Para Zúñiga, el fenómeno tiene una explicación clara: la combinación entre tranquilidad y cercanía con el corazón productivo de Vaca Muerta. "Estamos en un lugar estratégico. Una de las principales virtudes es que somos un pueblo tranquilo y con los índices delictivos más bajos de la provincia. A eso se suma el entorno natural y la cercanía con Vaca Muerta", señaló. Además, indicó que la actividad petrolera ya comenzó a sentirse en la economía local. "En el último año se radicaron entre 25 y 30 empresas, lo que generó más actividad comercial y nuevas fuentes de trabajo", destacó.
El intendente sostuvo que buena parte de la demanda proviene de trabajadores que hoy viven en Neuquén capital o Plottier y buscan mejorar su calidad de vida. "Muchos trabajadores del sector petrolero buscan una mejor calidad de vida. Nosotros estamos prácticamente al final del recorrido hacia los yacimientos y eso hace que sean de los últimos en subir al transporte y de los primeros en llegar a destino. Eso significa más horas de descanso y una mejor calidad de vida", explicó.
Según Zúñiga, el perfil de los nuevos vecinos está estrechamente ligado al desarrollo energético. "Principalmente son familias con hijos vinculadas a la actividad petrolera. Llegan profesionales y trabajadores de distintas áreas de la industria que buscan establecerse de manera permanente", dijo. Agregó que el proceso de radicación se da de manera planificada: primero compran el terreno y luego comienzan la construcción de sus viviendas.
El crecimiento también se refleja en el mercado inmobiliario. "Hoy un lote en Cordero tiene un valor promedio de unos 30 millones de pesos y, aun así, la demanda continúa siendo importante porque muchas personas priorizan la tranquilidad y la ubicación estratégica", afirmó el intendente, convencido de que la localidad seguirá recibiendo nuevos habitantes mientras continúe expandiéndose la actividad de Vaca Muerta.
A la expansión habitacional se suma el desarrollo industrial. El municipio trabaja en un parque industrial público y acompañará la puesta en marcha de otros tres emprendimientos privados. En conjunto ofrecerán alrededor de 100 lotes destinados a empresas de servicios relacionadas con la actividad petrolera.
Pero el boom también plantea desafíos.
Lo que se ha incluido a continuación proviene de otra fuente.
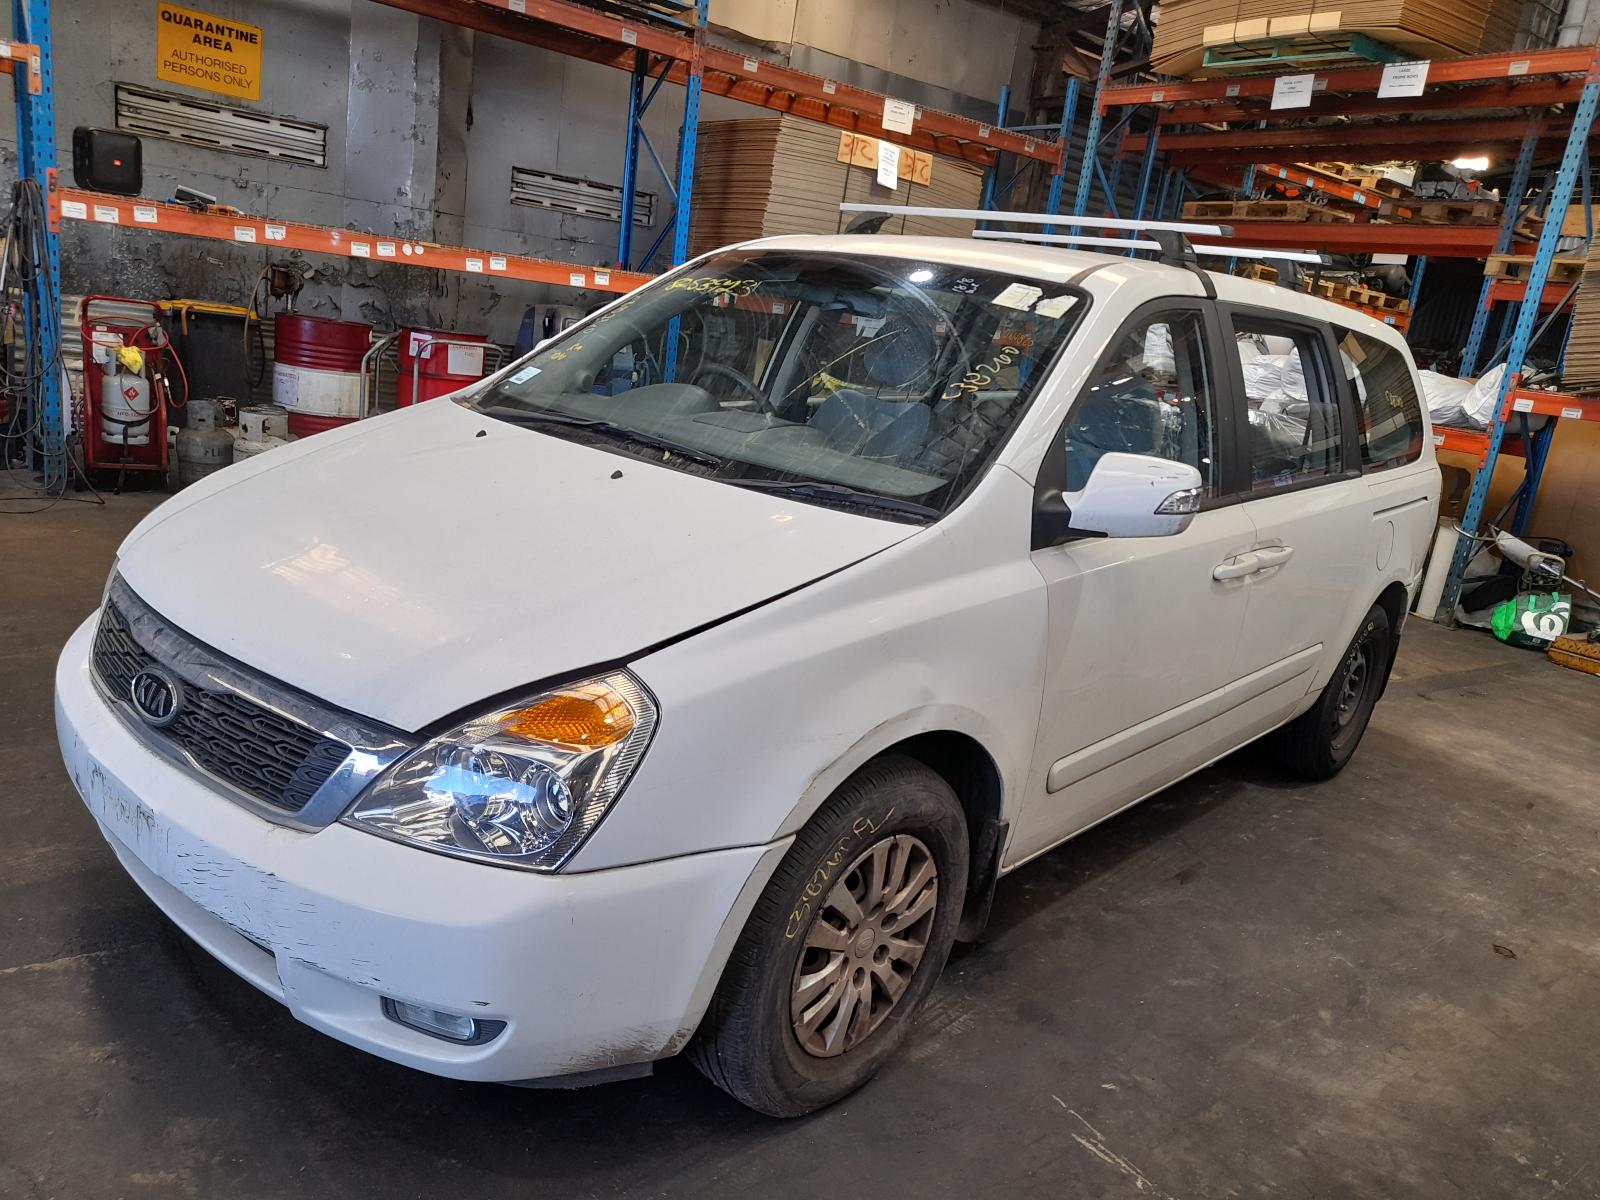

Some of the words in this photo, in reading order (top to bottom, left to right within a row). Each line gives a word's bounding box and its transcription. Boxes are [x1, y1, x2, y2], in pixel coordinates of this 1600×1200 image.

Zúñiga advirtió que el crecimiento poblacional obliga a reforzar los servicios públicos. "Hay que fortalecer el sistema de salud, la educación y la seguridad para evitar que colapsen", señaló. En ese sentido, confirmó que el municipio avanza en la construcción de un nuevo hospital en Barda del Medio y trabaja junto al Departamento Provincial de Aguas en la planificación de la infraestructura necesaria para acompañar el desarrollo de los próximos 30 años. "Hoy ya no podemos seguir creciendo sin planificar los servicios", concluyó.